Sonunda Muâviye, Mervan aracılığı ile Hz.İmâm Hasan’ın zevcesi olan Câde’ye bir haber göndererek, Hz.İmâm’ı zehirleyip şehit ettiği takdirde, kendisini oğlu Yezîd’e alacağını ve bin dirhem para vereceğini vaat etti.
Vefâsız Câde; bu sözler üzerine Hz.İmâm Hasan’a kastetmek için, Mervan tarafından gönderilen zehirli balı karıştırarak, o gün Hz.İmâm’a sundu. Hz.İmâm o zehirli balı yedikten sonra rahatsızlandı ve Hz.Resûlullah’ın türbesine gidip duâ ederek şifâ buldu. Câde, sonra yine bir fırsatını bulup Hz.İmâm’a, bu defa da zehirli hurmalar sundu. Hz.İmâm Hasan, hiçbir şey düşünmeyip zehirli hurmalardan yemiş ve yine mizâcı bozulmuştu.
Bunun üzerine Hz.İmâm Hasan, Câde’ye sordu:
“Ey Câde, bu hurmayla halim değişti. Sebebi ne acaba?”
Câde, türlü özürler dileyerek Hz.İmâm’ın şüphesini giderdi. Hz.İmâm Hasan, dertlilere şifâhane olan Hz.Resûlullah’ın türbesine giderek tekrar şifâ buldu. Câde, en sonunda yine bir fırsatını bularak, Sefer ayının 28. Cuma gecesi Hz.İmâm Hasan’ın kaldığı eve gizlice giderek; Hz.İmâm’ın, su içtiği testinin içine zehirli elmas zerrelerini dökerek su ile karıştırdı. Ve yine evine gizlice geri döndü.

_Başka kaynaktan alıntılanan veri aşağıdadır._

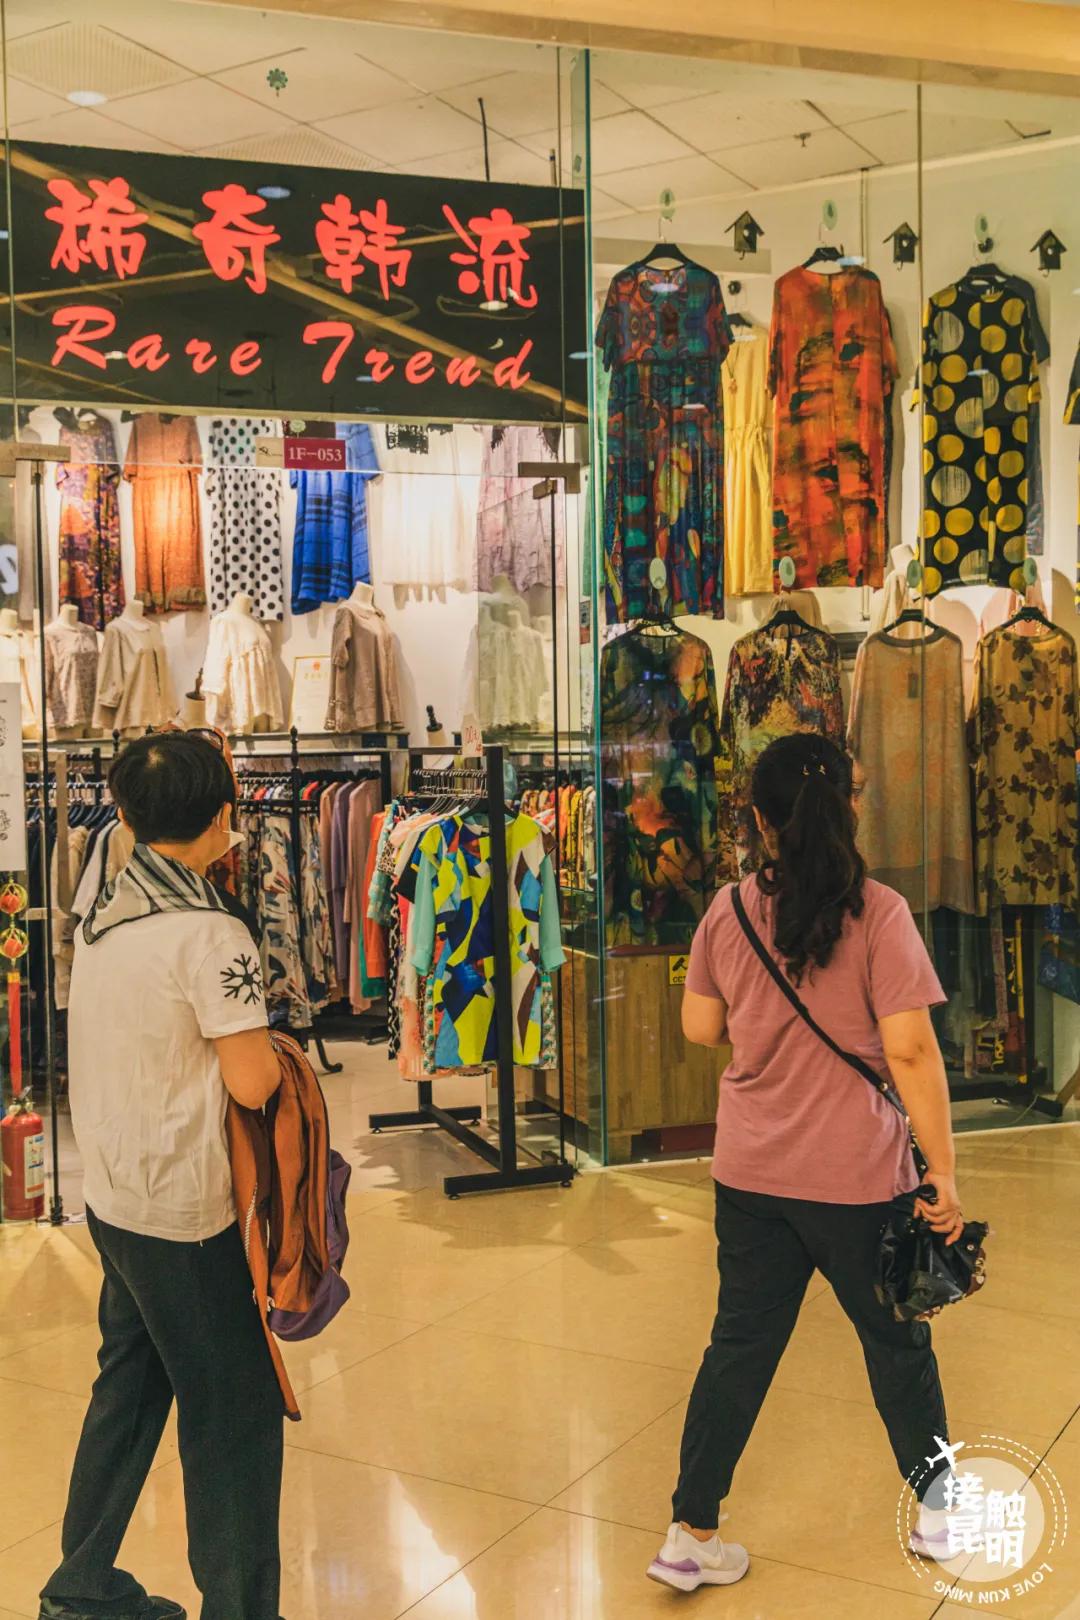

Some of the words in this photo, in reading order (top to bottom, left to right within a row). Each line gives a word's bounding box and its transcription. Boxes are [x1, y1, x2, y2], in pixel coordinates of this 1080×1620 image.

[45, 178, 537, 307] 稀奇韩流
[52, 306, 260, 375] Rare
[304, 322, 533, 388] Trend
[288, 447, 342, 462] 1F-053

Hz.İmâm Hasan, bu testiden içtiği su ile zehirlenip, Hicret’in 49. yılı (Milâdi 669) Safer ayının 28. günü gecesi Medine’de Hak’ka kavuşmuştur. Hz.İmâm Hasan, Hak’ka kavuştuklarında 47 yaşlarında idi.
Hz.İmâm Hasan Hak’ka kavuşmadan önce, Hz.İmâm Hüseyin, kendilerine bu işi kimin yaptığını sormuşlardı. Hz.İmâm Hasan:
“Ey sevgili kardeşim. Benim bildiğimi sende bilirsin; fakat onu Allah’a havale ettim” buyurup bir şey söylememişler ve çocukları ile ashâbına ibâdetten geri kalmamalarını vasiyyet etmişlerdir.

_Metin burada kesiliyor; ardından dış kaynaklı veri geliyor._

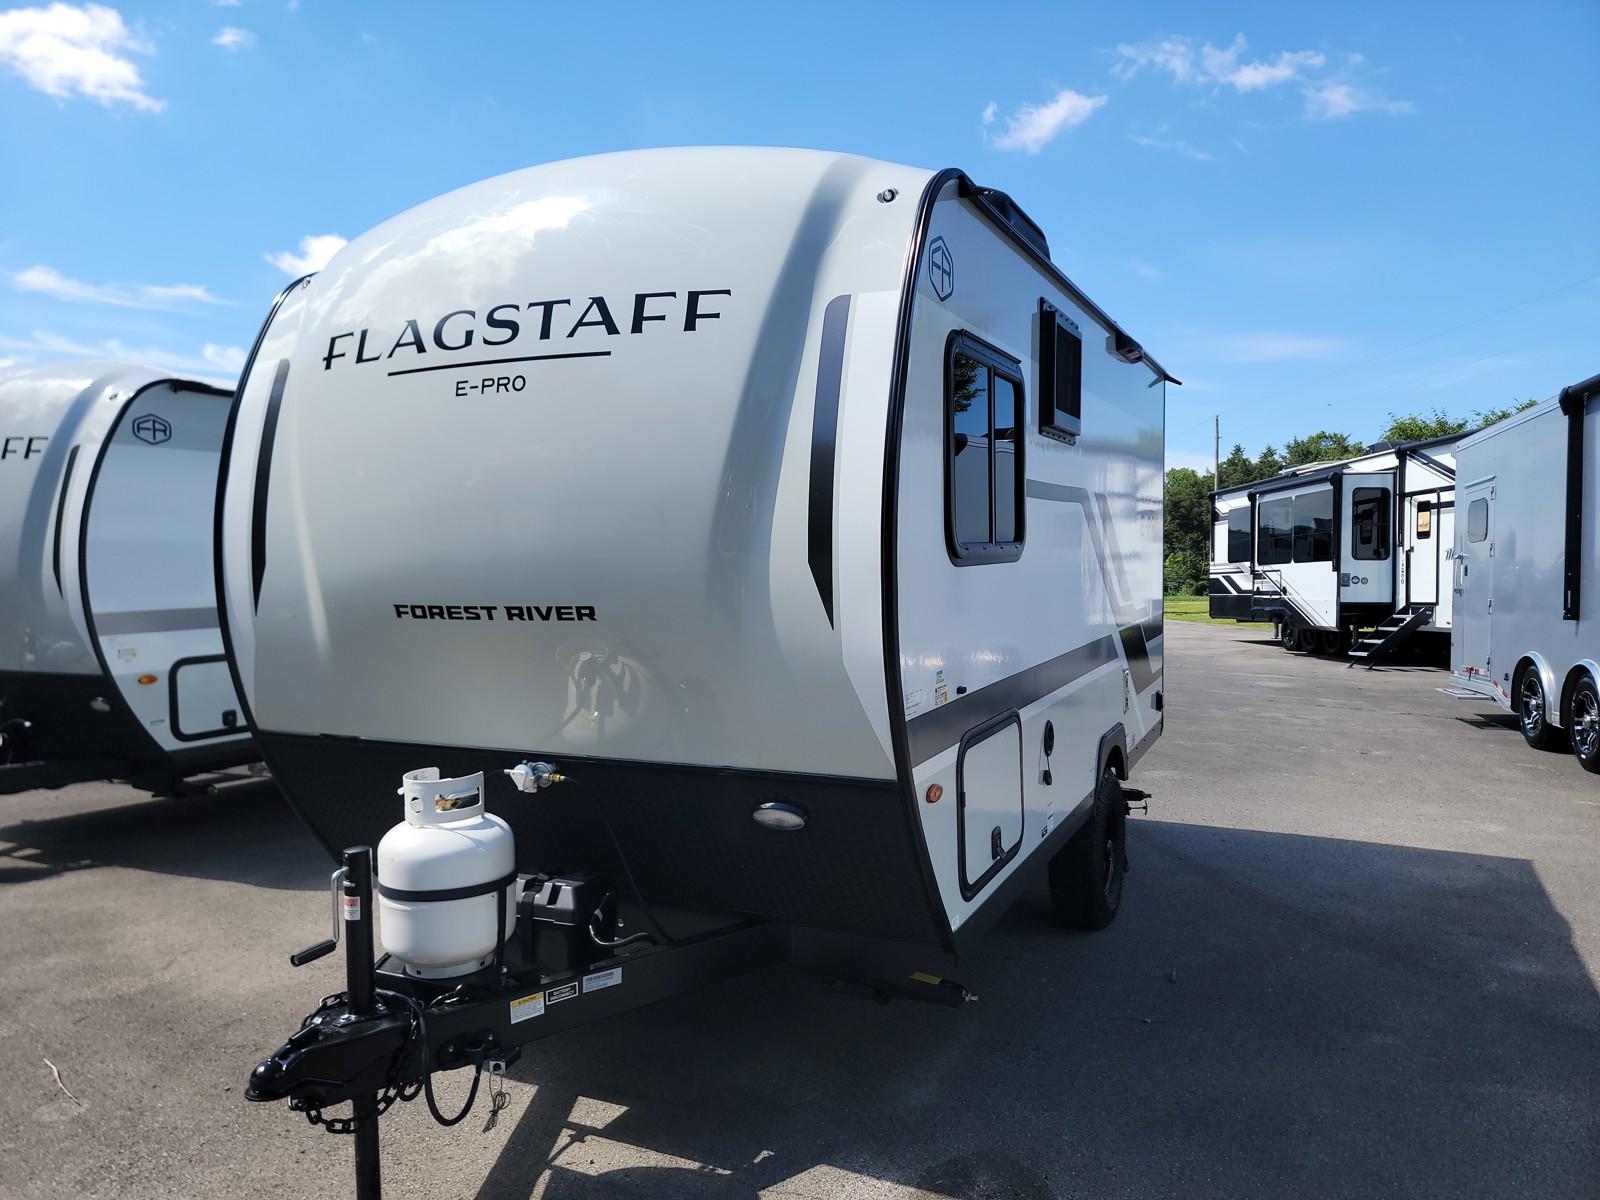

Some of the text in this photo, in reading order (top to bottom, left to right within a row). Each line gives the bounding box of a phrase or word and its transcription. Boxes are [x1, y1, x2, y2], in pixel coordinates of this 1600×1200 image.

[322, 288, 732, 370] FLAGSTAFF
[454, 374, 527, 397] E-PRO
[393, 603, 598, 622] FOREST RIVER

Hz.İmâm Hasan daha sonra kardeşi Hz.İmâm Hüseyin’e vasiyyet ederek; imâmlık emanetlerini teslim etti ve “Ataları Hz.Resûlullah’ın yanına defnedilmelerini, fakat buna engel olanlar bulunursa, savaşa, kan dökülmesine girişilmemesini, Bakî mezarlığına götürülmelerini” buyurmuşlardır.
Hz.İmâm Hasan’dan sonra imâmet, kardeşi Hz.İmâm Hüseyin’e intikal etmiştir.